● **What is expected**
The reply should contain every entry below exactly as written, with no images.

● **Material shown**
+++

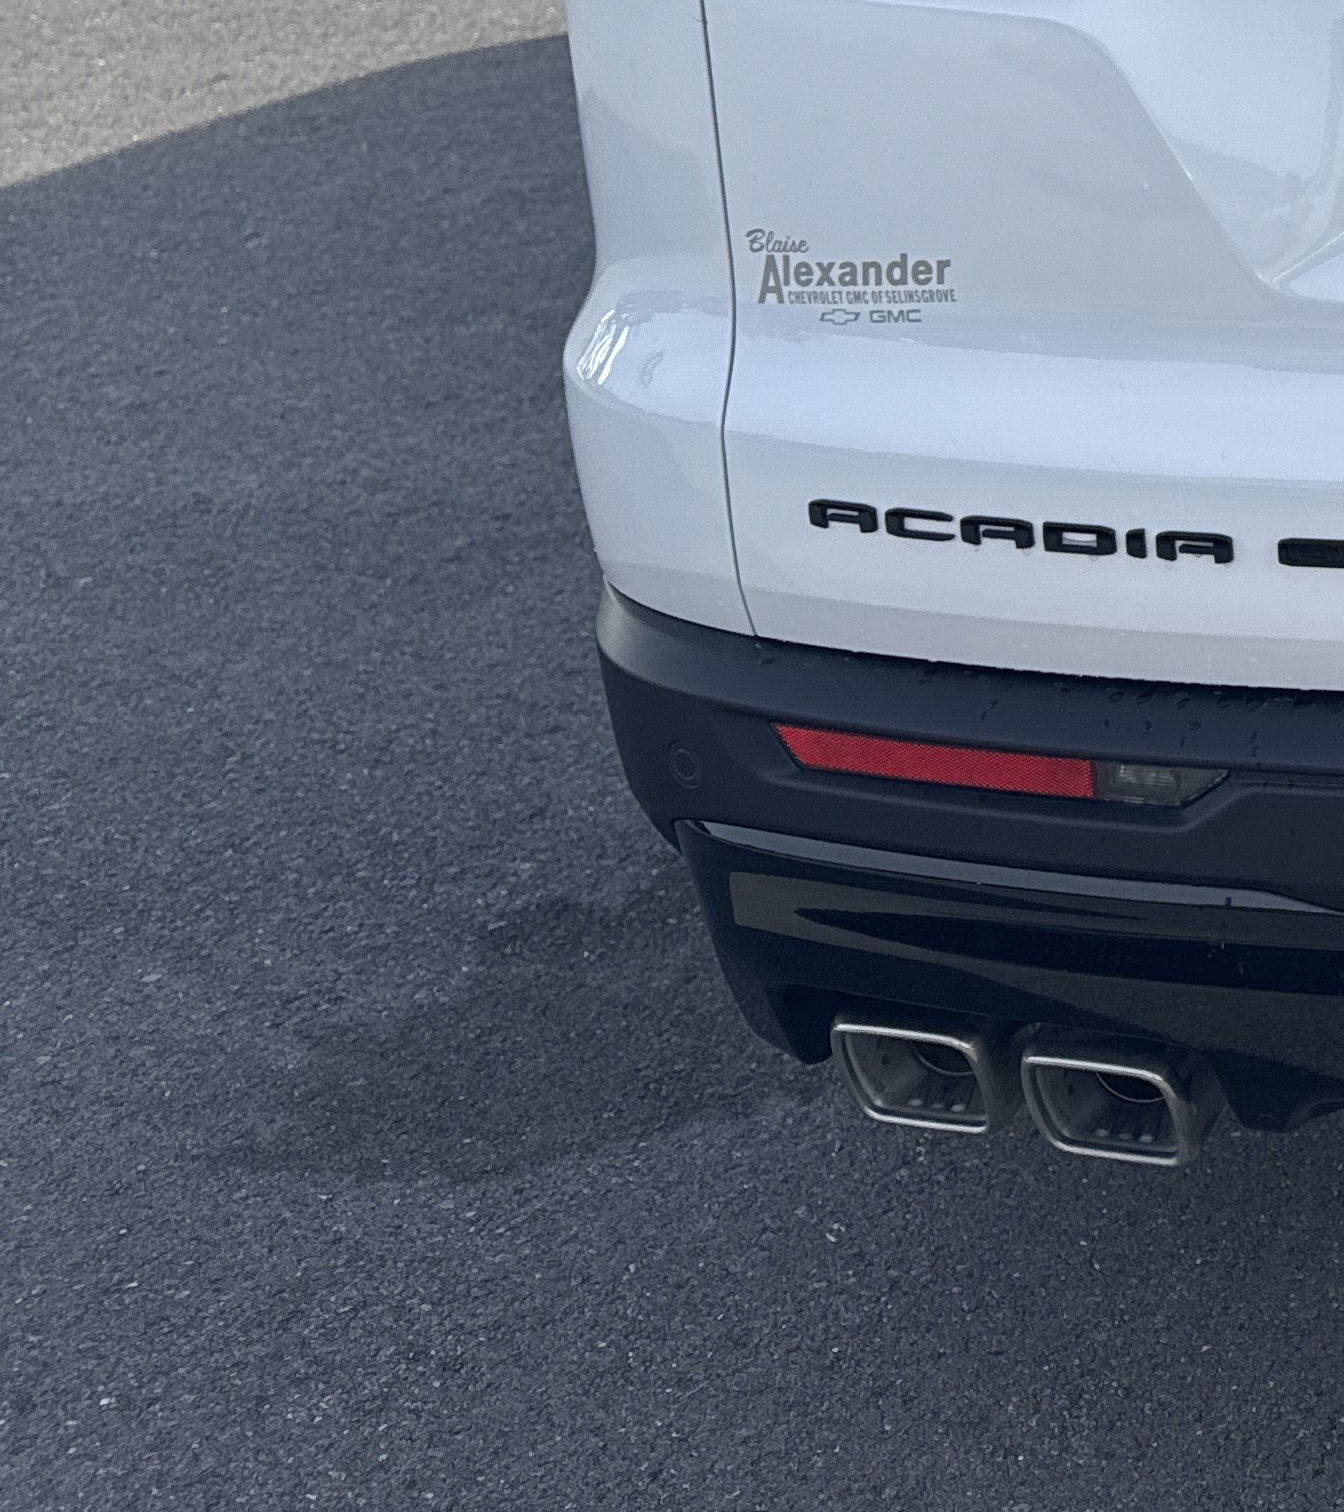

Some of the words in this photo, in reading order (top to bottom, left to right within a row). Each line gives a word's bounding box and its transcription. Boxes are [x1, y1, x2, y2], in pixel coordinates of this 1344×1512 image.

[746, 228, 809, 254] Blaise
[758, 253, 952, 304] Alexander
[788, 291, 843, 304] CHEVROLET
[846, 290, 869, 304] GMC
[872, 290, 883, 304] OF
[885, 289, 957, 304] SELINSGROVE
[869, 309, 922, 323] GMC
[808, 498, 1234, 564] ACADIA
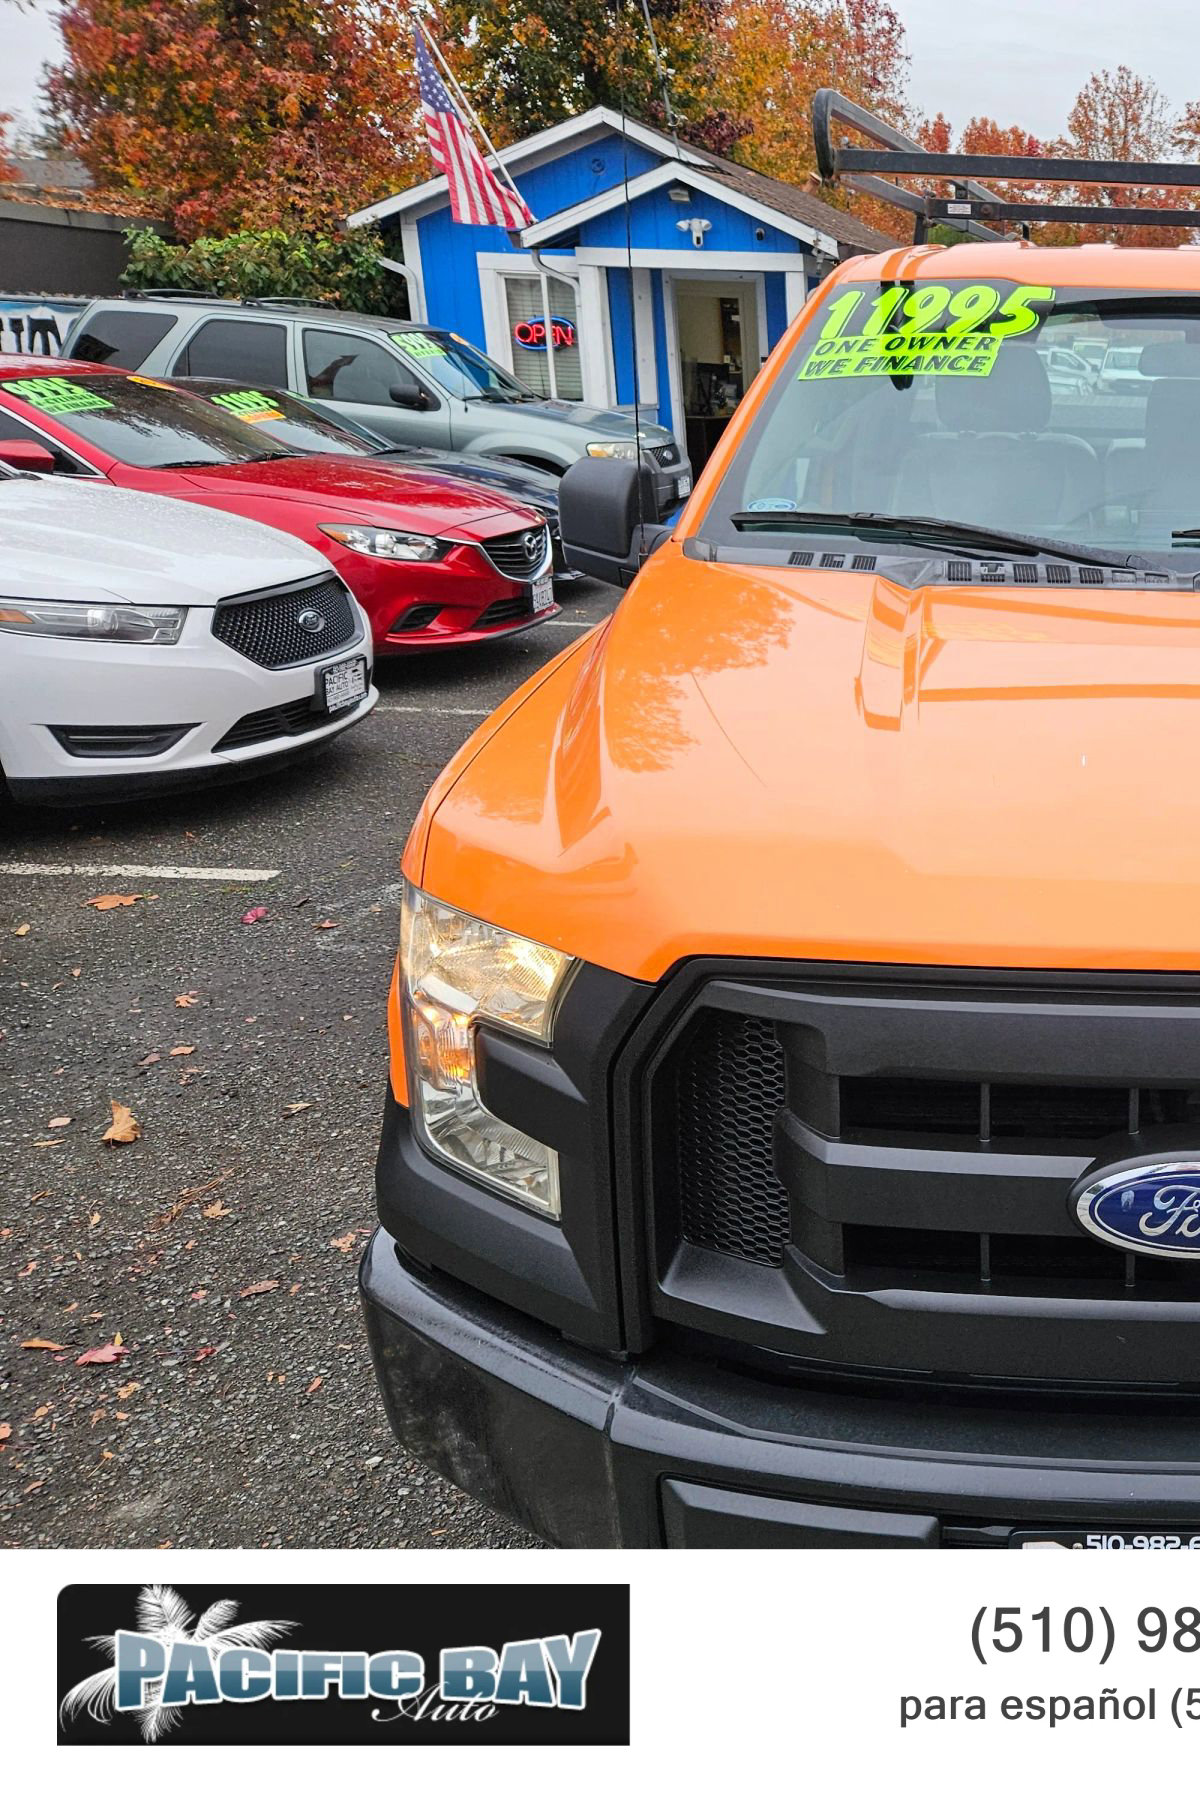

+++

● **Answer box**
Some of the words in this photo, in reading order (top to bottom, left to right within a row). Each line gives a word's bounding box and its transcription. Boxes are [x1, y1, x2, y2], in pixel coordinates of this 1344×1512 image.

[746, 228, 809, 254] Blaise
[758, 253, 952, 304] Alexander
[788, 291, 843, 304] CHEVROLET
[846, 290, 869, 304] GMC
[872, 290, 883, 304] OF
[885, 289, 957, 304] SELINSGROVE
[869, 309, 922, 323] GMC
[808, 498, 1234, 564] ACADIA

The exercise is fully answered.